*** Block opens ***

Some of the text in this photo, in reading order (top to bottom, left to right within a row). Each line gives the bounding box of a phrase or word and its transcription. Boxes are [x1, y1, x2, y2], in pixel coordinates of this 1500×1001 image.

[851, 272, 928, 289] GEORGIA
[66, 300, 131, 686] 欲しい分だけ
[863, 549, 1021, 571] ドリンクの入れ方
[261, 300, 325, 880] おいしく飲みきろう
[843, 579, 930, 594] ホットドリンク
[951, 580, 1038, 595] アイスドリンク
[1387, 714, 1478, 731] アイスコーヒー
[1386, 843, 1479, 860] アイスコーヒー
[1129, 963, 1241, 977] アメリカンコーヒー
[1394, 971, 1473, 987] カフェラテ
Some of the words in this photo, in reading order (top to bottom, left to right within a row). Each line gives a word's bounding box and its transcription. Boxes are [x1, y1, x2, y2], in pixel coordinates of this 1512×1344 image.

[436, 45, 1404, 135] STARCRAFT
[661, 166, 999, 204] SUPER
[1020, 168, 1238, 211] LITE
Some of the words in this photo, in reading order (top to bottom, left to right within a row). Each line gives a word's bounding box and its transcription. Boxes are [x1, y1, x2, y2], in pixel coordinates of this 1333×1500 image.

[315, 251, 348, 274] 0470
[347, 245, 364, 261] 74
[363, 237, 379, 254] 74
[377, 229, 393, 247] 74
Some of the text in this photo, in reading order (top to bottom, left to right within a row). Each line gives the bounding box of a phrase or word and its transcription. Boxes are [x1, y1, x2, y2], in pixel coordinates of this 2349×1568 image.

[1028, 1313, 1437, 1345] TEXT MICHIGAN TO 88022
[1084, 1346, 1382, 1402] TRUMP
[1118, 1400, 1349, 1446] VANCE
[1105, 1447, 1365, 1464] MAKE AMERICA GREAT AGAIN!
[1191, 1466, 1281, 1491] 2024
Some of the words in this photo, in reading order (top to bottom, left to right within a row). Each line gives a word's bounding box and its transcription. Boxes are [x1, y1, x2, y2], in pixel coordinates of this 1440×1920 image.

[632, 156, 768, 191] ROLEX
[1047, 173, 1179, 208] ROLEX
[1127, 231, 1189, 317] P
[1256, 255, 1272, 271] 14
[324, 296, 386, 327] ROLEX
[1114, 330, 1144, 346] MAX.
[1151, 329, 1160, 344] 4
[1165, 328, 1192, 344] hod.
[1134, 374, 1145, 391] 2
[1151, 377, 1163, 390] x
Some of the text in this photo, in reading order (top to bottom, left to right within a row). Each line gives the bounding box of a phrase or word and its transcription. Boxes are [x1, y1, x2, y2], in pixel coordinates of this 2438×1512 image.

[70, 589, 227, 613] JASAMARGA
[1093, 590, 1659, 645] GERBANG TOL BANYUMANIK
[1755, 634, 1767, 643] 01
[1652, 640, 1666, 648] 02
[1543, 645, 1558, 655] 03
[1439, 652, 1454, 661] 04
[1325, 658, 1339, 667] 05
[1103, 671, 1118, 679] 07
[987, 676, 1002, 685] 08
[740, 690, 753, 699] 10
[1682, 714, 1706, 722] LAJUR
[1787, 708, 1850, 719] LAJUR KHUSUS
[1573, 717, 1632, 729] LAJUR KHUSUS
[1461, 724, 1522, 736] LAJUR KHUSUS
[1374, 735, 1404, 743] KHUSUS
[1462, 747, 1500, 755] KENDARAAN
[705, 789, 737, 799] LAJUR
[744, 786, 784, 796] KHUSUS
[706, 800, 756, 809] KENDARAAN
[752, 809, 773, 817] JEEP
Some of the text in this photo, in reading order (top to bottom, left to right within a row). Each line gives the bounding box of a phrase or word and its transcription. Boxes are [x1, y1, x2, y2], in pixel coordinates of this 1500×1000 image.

*** Block closes ***

(WORK INSTRUCTIONS): All entries given above are to be printed again exactly.

(EXERCISE ANSWER):
Some of the text in this photo, in reading order (top to bottom, left to right within a row). Each line gives the bounding box of a phrase or word and its transcription. Boxes are [x1, y1, x2, y2], in pixel coordinates of this 1500×1001 image.

[851, 272, 928, 289] GEORGIA
[66, 300, 131, 686] 欲しい分だけ
[863, 549, 1021, 571] ドリンクの入れ方
[261, 300, 325, 880] おいしく飲みきろう
[843, 579, 930, 594] ホットドリンク
[951, 580, 1038, 595] アイスドリンク
[1387, 714, 1478, 731] アイスコーヒー
[1386, 843, 1479, 860] アイスコーヒー
[1129, 963, 1241, 977] アメリカンコーヒー
[1394, 971, 1473, 987] カフェラテ
Some of the words in this photo, in reading order (top to bottom, left to right within a row). Each line gives a word's bounding box and its transcription. Boxes are [x1, y1, x2, y2], in pixel coordinates of this 1512×1344 image.

[436, 45, 1404, 135] STARCRAFT
[661, 166, 999, 204] SUPER
[1020, 168, 1238, 211] LITE
Some of the words in this photo, in reading order (top to bottom, left to right within a row). Each line gives a word's bounding box and its transcription. Boxes are [x1, y1, x2, y2], in pixel coordinates of this 1333×1500 image.

[315, 251, 348, 274] 0470
[347, 245, 364, 261] 74
[363, 237, 379, 254] 74
[377, 229, 393, 247] 74
Some of the text in this photo, in reading order (top to bottom, left to right within a row). Each line gives the bounding box of a phrase or word and its transcription. Boxes are [x1, y1, x2, y2], in pixel coordinates of this 2349×1568 image.

[1028, 1313, 1437, 1345] TEXT MICHIGAN TO 88022
[1084, 1346, 1382, 1402] TRUMP
[1118, 1400, 1349, 1446] VANCE
[1105, 1447, 1365, 1464] MAKE AMERICA GREAT AGAIN!
[1191, 1466, 1281, 1491] 2024
Some of the words in this photo, in reading order (top to bottom, left to right within a row). Each line gives a word's bounding box and its transcription. Boxes are [x1, y1, x2, y2], in pixel coordinates of this 1440×1920 image.

[632, 156, 768, 191] ROLEX
[1047, 173, 1179, 208] ROLEX
[1127, 231, 1189, 317] P
[1256, 255, 1272, 271] 14
[324, 296, 386, 327] ROLEX
[1114, 330, 1144, 346] MAX.
[1151, 329, 1160, 344] 4
[1165, 328, 1192, 344] hod.
[1134, 374, 1145, 391] 2
[1151, 377, 1163, 390] x
Some of the text in this photo, in reading order (top to bottom, left to right within a row). Each line gives the bounding box of a phrase or word and its transcription. Boxes are [x1, y1, x2, y2], in pixel coordinates of this 2438×1512 image.

[70, 589, 227, 613] JASAMARGA
[1093, 590, 1659, 645] GERBANG TOL BANYUMANIK
[1755, 634, 1767, 643] 01
[1652, 640, 1666, 648] 02
[1543, 645, 1558, 655] 03
[1439, 652, 1454, 661] 04
[1325, 658, 1339, 667] 05
[1103, 671, 1118, 679] 07
[987, 676, 1002, 685] 08
[740, 690, 753, 699] 10
[1682, 714, 1706, 722] LAJUR
[1787, 708, 1850, 719] LAJUR KHUSUS
[1573, 717, 1632, 729] LAJUR KHUSUS
[1461, 724, 1522, 736] LAJUR KHUSUS
[1374, 735, 1404, 743] KHUSUS
[1462, 747, 1500, 755] KENDARAAN
[705, 789, 737, 799] LAJUR
[744, 786, 784, 796] KHUSUS
[706, 800, 756, 809] KENDARAAN
[752, 809, 773, 817] JEEP
Some of the text in this photo, in reading order (top to bottom, left to right within a row). Each line gives the bounding box of a phrase or word and its transcription. Boxes are [x1, y1, x2, y2], in pixel coordinates of this 1500×1000 image.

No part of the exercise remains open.